Pictured left to right: Mayor Kevin White, Charles Beard, Micho Spring


Our mission is to connect, inform and empower those who live, work and study in Boston through distinct and diverse community media programming, education and services.



Since Boston’s first cable franchise agreement in 1983, BNN has been managed by the Boston Community Access and Programming Foundation, Inc. (BCAPF). Following four years of studies, reports, advisory commissions, and public hearings, Mayor Kevin White issued a Request For Proposals that incorporated the concept of a non-profit “access and programming” corporation. Based on recommendations of the Cable Access Advisory Committee, the Mayor awarded a 15-year license to build and operate a cable system to Cablevision of Boston, which agreed to provide an annual franchise fee in support of public, educational, and government access to this new technology.

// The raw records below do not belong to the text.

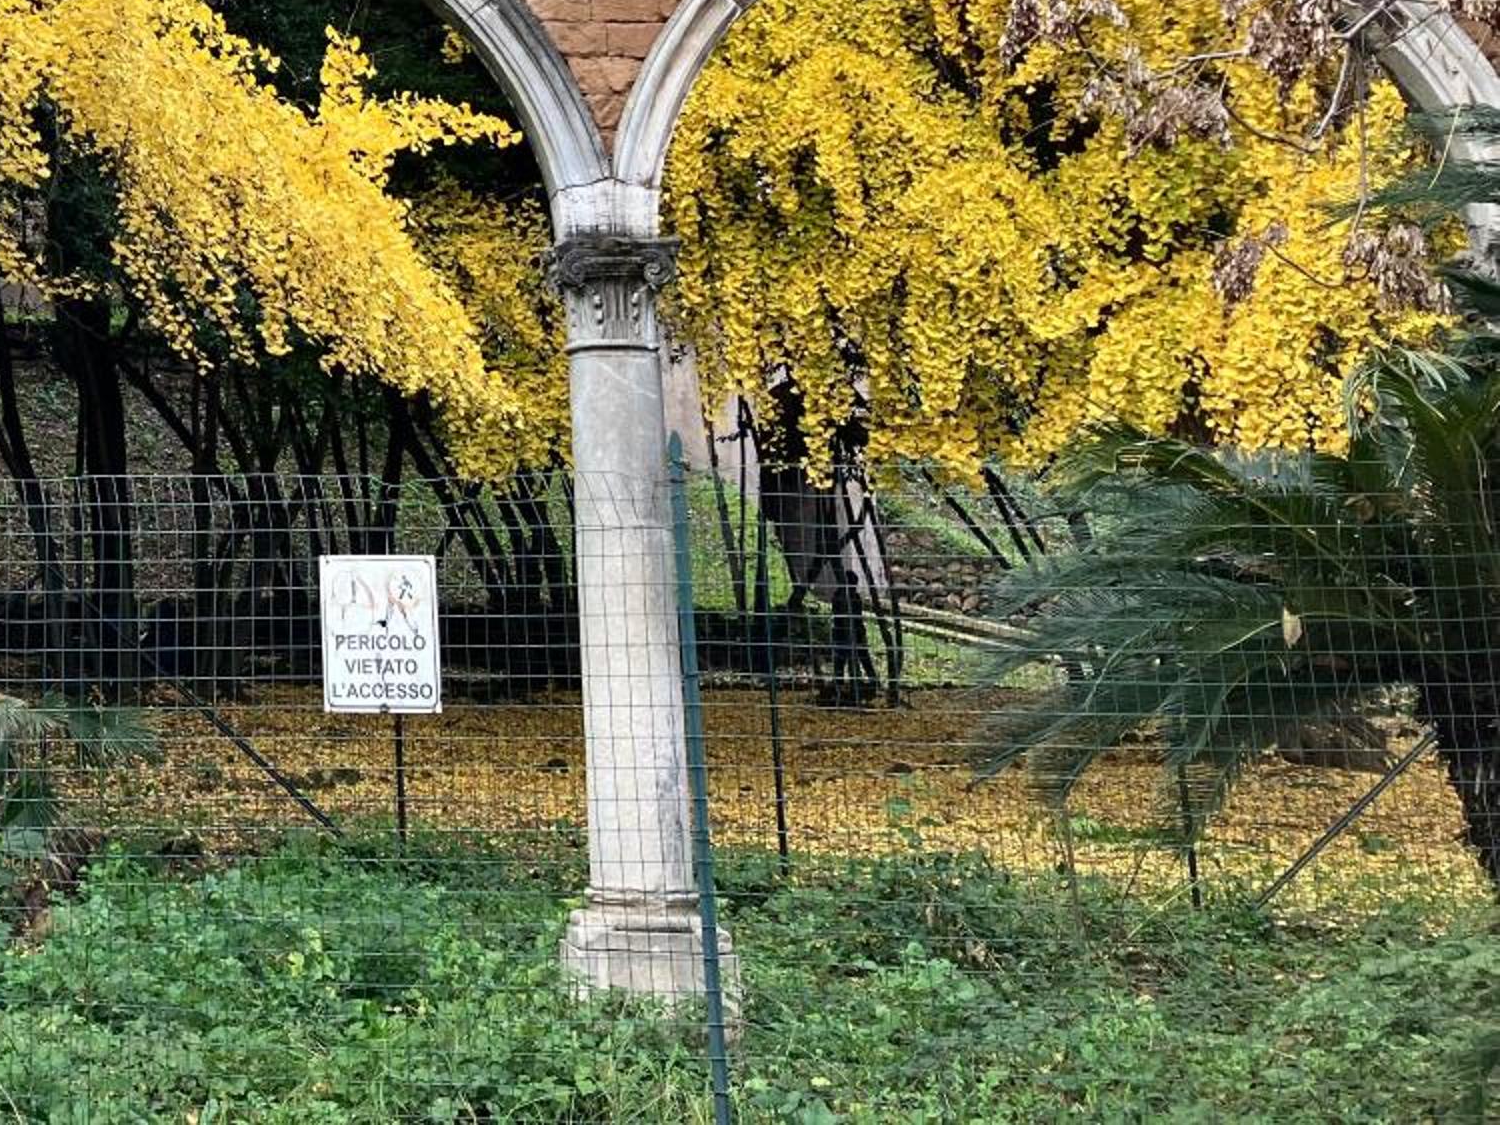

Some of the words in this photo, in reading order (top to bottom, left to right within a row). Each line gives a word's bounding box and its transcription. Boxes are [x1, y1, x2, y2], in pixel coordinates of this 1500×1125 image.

[335, 634, 426, 651] PERICOLO
[344, 658, 418, 674] VIETATO
[332, 683, 434, 700] L'ACCESSO
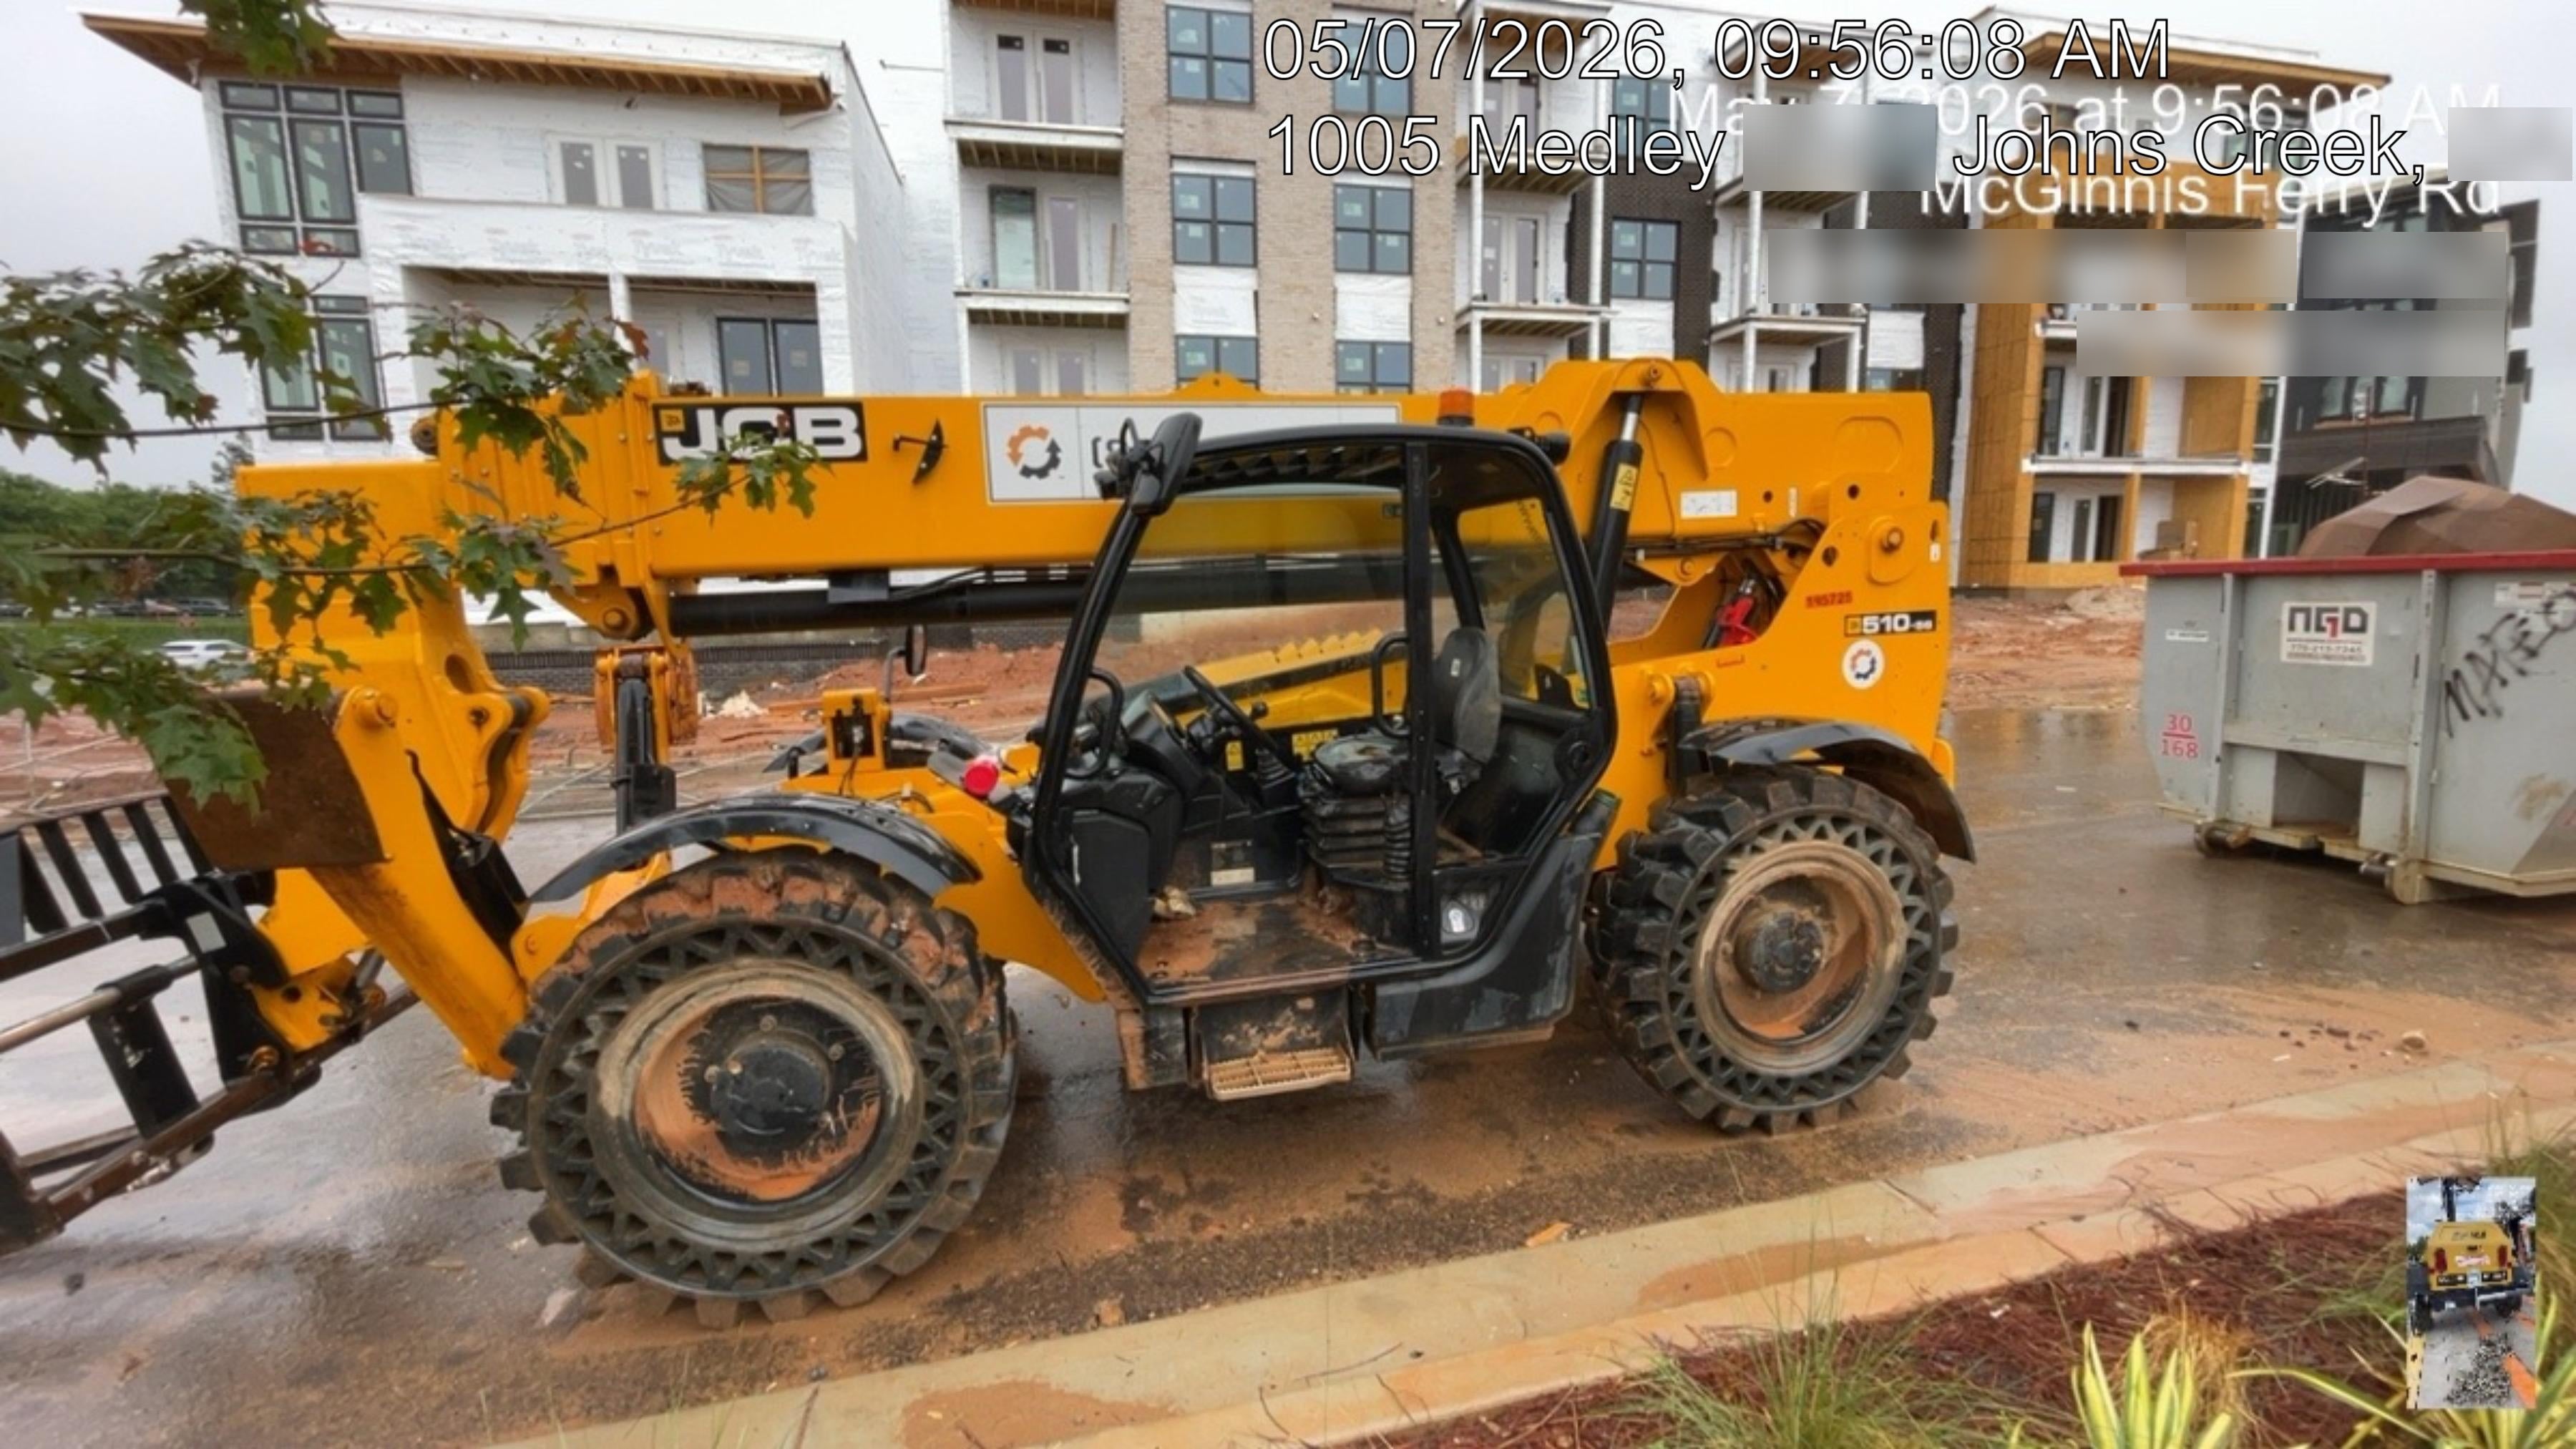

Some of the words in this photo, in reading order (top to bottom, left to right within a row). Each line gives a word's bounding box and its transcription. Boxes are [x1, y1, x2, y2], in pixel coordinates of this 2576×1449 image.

[662, 406, 862, 462] JCB
[2168, 715, 2192, 733] 30
[2162, 738, 2197, 759] 168

BCAPF was founded in 1983 as a 501(c)(3) non-profit to “ensure access to channels and facilities for all Boston residents, groups and institutions and to provide public education and training regarding the use of access facilities and channels.” Its founding document, crafted by Attorney Charles J. Beard and others, reflected a far-sighted vision. Our mission defined a long-range vision that provided immediate community benefits, and anticipated technological advances would always emerge over the horizon. BNN’s stated purposes are to “foster and generate experimental uses” and “to distribute programming, by cablecasting, broadcasting, or by any other means, within and without the City of Boston.”


Over the years, BNN has operated access centers in many neighborhoods, including Jamaica Plain, South Boston, the South End, and a downtown facility with a studio for Boston-serving non-profit organizations. BNN began operating with a full-service production studio in Roxbury, a training and field production access center in East Boston, and a mobile production truck that could travel across the city. BNN trained groups in Allston-Brighton with its mobile production truck while a field coordinator worked with the Dorchester community.


As technology changed, BNN changed with it, adapting equipment and training to meet the needs of Bostonians. In 2001 BNN added a digital multimedia lab to its menu of services and began the transition from analog to digital technology. In 2005 BNN purchased a former MBTA Power Station in Egleston Square, launched a successful capital campaign to rehabilitate the building into a state-of-the-art media center, and opened the doors to its new home in 2007.


In Boston, we are fortunate to have strong support from the city of Boston and local cable providers committed to giving something back to the people who provide their profits. These franchising agreements have resulted in over 30 years of community wide benefits that have become ingrained in the city’s civic, social, and cultural fabric.